New study reveals Milky Way is 10% larger than previously thought

Jul 13, 2026 News

Our galaxy is far larger than we ever imagined, according to a startling new study that pushes back the known boundaries of the Milky Way by ten percent. Scientists from the European Space Agency have uncovered evidence suggesting our spiral arms stretch much further into the void than previously mapped. The breakthrough came not from looking at static star charts, but by catching the ghostly afterglow of violent cosmic events happening in distant galaxies.

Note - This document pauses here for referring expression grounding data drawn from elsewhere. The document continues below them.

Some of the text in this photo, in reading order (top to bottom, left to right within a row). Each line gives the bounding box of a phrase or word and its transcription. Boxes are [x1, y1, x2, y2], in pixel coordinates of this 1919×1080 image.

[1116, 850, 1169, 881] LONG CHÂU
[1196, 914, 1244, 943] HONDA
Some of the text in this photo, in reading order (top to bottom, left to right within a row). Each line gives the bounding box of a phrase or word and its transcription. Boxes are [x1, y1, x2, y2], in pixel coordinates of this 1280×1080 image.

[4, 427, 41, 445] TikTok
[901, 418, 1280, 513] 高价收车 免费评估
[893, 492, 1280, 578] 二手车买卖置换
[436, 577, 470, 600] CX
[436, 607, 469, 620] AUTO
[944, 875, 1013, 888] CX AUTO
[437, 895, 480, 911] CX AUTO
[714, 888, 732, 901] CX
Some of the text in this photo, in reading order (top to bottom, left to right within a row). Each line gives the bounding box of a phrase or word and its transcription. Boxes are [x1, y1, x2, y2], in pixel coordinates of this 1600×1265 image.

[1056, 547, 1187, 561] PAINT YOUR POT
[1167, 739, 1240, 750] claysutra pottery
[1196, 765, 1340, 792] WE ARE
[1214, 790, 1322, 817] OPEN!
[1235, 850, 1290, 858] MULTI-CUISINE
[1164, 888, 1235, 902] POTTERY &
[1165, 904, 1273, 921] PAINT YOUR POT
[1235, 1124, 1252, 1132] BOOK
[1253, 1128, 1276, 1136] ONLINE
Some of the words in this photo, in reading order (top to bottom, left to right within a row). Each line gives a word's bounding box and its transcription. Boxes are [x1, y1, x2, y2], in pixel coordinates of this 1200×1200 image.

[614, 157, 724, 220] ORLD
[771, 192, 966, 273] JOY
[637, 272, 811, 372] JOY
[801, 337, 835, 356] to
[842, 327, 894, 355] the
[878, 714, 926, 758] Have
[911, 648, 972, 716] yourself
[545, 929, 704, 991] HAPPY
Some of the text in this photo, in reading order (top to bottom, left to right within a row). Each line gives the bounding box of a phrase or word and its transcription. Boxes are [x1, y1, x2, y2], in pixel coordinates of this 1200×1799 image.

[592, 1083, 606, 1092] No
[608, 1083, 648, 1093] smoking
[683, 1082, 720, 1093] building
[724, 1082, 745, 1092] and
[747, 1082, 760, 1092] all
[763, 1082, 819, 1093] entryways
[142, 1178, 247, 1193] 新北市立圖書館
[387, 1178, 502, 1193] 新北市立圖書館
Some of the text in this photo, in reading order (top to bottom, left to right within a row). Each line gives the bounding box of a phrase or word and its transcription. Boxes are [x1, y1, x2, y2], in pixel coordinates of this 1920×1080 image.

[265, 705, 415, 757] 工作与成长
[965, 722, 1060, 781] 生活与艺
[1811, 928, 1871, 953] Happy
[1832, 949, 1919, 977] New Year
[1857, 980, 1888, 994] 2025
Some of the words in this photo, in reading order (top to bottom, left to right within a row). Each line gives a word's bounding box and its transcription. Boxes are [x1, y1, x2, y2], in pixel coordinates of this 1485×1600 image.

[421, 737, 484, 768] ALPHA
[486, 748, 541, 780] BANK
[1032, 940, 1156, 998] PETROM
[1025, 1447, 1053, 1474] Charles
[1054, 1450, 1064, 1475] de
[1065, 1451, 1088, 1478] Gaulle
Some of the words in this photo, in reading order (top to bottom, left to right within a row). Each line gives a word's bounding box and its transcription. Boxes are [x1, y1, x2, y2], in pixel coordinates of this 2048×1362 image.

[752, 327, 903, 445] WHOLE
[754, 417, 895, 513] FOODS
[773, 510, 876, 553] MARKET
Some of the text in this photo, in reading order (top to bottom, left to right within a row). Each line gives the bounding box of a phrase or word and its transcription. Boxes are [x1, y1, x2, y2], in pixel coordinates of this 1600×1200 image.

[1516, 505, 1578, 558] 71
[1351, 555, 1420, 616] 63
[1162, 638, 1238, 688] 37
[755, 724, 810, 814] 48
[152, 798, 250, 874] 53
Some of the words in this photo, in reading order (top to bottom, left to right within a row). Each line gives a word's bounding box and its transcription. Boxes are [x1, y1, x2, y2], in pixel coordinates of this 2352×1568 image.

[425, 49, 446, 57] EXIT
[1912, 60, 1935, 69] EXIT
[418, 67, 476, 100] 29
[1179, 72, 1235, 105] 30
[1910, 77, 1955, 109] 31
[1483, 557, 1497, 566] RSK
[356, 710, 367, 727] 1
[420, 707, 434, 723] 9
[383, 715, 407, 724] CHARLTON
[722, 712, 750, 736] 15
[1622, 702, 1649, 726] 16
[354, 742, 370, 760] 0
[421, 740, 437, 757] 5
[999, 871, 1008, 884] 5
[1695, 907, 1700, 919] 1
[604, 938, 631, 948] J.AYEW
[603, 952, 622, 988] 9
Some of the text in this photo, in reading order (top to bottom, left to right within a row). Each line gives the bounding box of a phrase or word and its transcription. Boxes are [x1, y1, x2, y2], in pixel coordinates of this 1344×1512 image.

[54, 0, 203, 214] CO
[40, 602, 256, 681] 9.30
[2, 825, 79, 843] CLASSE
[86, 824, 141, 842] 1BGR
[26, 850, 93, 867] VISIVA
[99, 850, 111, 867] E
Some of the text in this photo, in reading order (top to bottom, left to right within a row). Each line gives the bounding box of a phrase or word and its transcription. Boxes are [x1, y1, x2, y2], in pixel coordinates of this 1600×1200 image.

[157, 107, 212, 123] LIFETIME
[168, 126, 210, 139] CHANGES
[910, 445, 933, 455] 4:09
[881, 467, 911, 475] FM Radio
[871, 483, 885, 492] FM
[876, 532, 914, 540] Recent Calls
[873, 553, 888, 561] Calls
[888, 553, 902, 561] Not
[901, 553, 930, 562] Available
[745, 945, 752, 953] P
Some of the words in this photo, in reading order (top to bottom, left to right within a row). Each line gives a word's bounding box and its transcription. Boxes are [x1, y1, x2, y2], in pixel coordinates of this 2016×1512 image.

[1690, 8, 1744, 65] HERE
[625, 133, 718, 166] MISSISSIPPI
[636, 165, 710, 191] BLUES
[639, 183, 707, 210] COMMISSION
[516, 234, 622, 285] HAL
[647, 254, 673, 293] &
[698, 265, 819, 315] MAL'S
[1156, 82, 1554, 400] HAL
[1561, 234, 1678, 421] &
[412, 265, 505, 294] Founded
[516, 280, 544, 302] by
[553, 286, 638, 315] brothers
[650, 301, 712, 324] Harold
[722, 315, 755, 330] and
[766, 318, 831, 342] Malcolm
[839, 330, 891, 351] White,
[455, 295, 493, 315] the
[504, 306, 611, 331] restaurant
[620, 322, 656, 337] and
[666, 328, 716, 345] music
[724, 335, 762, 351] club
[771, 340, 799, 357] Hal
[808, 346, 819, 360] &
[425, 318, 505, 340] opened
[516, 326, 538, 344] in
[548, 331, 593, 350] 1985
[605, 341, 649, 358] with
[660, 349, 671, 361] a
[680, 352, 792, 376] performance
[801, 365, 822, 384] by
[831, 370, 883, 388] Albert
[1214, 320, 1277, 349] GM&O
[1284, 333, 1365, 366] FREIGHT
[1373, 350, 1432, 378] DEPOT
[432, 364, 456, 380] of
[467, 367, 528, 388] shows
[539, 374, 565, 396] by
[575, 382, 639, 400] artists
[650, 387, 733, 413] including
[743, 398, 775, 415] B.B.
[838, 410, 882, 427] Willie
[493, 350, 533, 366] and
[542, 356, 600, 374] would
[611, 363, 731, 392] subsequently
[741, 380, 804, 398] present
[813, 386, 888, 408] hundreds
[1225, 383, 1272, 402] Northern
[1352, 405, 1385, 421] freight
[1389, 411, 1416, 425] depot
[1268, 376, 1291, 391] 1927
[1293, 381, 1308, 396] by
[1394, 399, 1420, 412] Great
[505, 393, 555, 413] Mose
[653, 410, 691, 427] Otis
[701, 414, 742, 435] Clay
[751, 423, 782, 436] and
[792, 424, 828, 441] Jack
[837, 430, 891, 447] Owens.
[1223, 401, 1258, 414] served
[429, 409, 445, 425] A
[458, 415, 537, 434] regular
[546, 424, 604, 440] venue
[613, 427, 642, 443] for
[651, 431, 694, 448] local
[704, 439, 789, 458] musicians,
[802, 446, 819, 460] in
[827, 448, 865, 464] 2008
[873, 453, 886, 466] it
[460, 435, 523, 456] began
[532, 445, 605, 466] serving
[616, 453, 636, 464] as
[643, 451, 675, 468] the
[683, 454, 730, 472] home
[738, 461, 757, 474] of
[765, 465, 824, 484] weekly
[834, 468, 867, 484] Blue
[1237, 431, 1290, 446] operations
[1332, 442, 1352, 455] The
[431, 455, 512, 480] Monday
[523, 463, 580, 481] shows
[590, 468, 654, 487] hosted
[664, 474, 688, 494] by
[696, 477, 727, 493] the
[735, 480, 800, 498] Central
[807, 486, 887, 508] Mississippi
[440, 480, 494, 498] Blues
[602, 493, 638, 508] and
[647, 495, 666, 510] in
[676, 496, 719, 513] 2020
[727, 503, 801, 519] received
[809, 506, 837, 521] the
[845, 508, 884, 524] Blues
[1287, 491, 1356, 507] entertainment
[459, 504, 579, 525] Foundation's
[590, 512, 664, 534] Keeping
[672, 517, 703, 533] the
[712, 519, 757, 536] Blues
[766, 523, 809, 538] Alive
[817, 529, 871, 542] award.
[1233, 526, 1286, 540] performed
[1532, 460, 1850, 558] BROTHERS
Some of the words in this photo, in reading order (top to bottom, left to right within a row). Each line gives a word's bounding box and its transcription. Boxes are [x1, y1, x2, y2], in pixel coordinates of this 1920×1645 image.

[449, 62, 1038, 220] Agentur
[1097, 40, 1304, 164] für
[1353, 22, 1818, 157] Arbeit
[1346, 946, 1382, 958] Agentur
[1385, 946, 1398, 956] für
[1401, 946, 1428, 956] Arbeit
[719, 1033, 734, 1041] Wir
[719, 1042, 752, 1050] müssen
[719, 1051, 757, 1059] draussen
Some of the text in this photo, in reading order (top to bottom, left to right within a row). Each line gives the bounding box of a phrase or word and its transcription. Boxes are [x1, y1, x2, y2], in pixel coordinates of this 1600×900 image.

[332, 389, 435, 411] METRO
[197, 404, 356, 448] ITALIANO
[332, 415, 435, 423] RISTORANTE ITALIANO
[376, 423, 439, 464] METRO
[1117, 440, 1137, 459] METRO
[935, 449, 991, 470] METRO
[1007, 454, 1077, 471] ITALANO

Beatrice Vaia, lead researcher at Italy's Istituto Nazionale di Astrofisica (INAF), explained that traditional methods rely on indirect modeling based on galactic rotation, a technique prone to significant error margins. "We usually model the Milky Way's outer arms indirectly based on what we know of how our galaxy rotates, but doing it this way leaves room for error," Vaia stated. To solve this, the team adopted a novel approach: they tracked the echoes left behind by three massive explosions occurring in far-off galaxies.

"These explosions flung out X–rays that echoed through several of the Milky Way's outer arms – and we measured the distances to these echoes directly," Vaia added. By observing how these gamma-ray bursts expanded over time, researchers could pinpoint exactly where the scattering dust grains were located within our galaxy's clouds. Since those dust clouds reside specifically inside the spiral arms, measuring their distance gave them a direct readout of the arm's true extent.

The results are definitive: two major structures, the Outer Scutum–Centaurus Arm and the Outer Arm, sit up to ten percent further away than current models suggested. This revelation comes as our understanding of galactic architecture finally sharpens; while astronomers once debated whether we lived in a four-armed or two-armed galaxy, data from the Gaia space telescope in 2020 settled that debate at four arms. Now, this new X-ray evidence is rewriting the map again.

Erik Kuulkers, ESA's project scientist for XMM–Newton, highlighted the enduring value of these aging instruments, which have been operational since 1999. "This finding is a great example of how ESA's longer–standing missions – such as XMM–Newton, which launched in 1999 – still have a hugely important role to play in exploring the Universe," Kuulkers said. Now entering its third decade, the telescope continues to deliver groundbreaking science ranging from the brightest gamma-ray bursts ever recorded to images of stars being shredded by black holes and even X-ray snapshots of Mars.

The true power of this discovery lies in collaboration between missions like XMM–Newton and NASA's Chandra X–ray observatory. "It's even more exciting when missions team up, as they did here," Kuulkers noted. Together, these instruments are peeling back the layers of our cosmic neighborhood, revealing the sheer scale of the universe surrounding us. As we map these distant echoes, it becomes clear that there is still a vast frontier waiting to be explored within our own galactic backyard.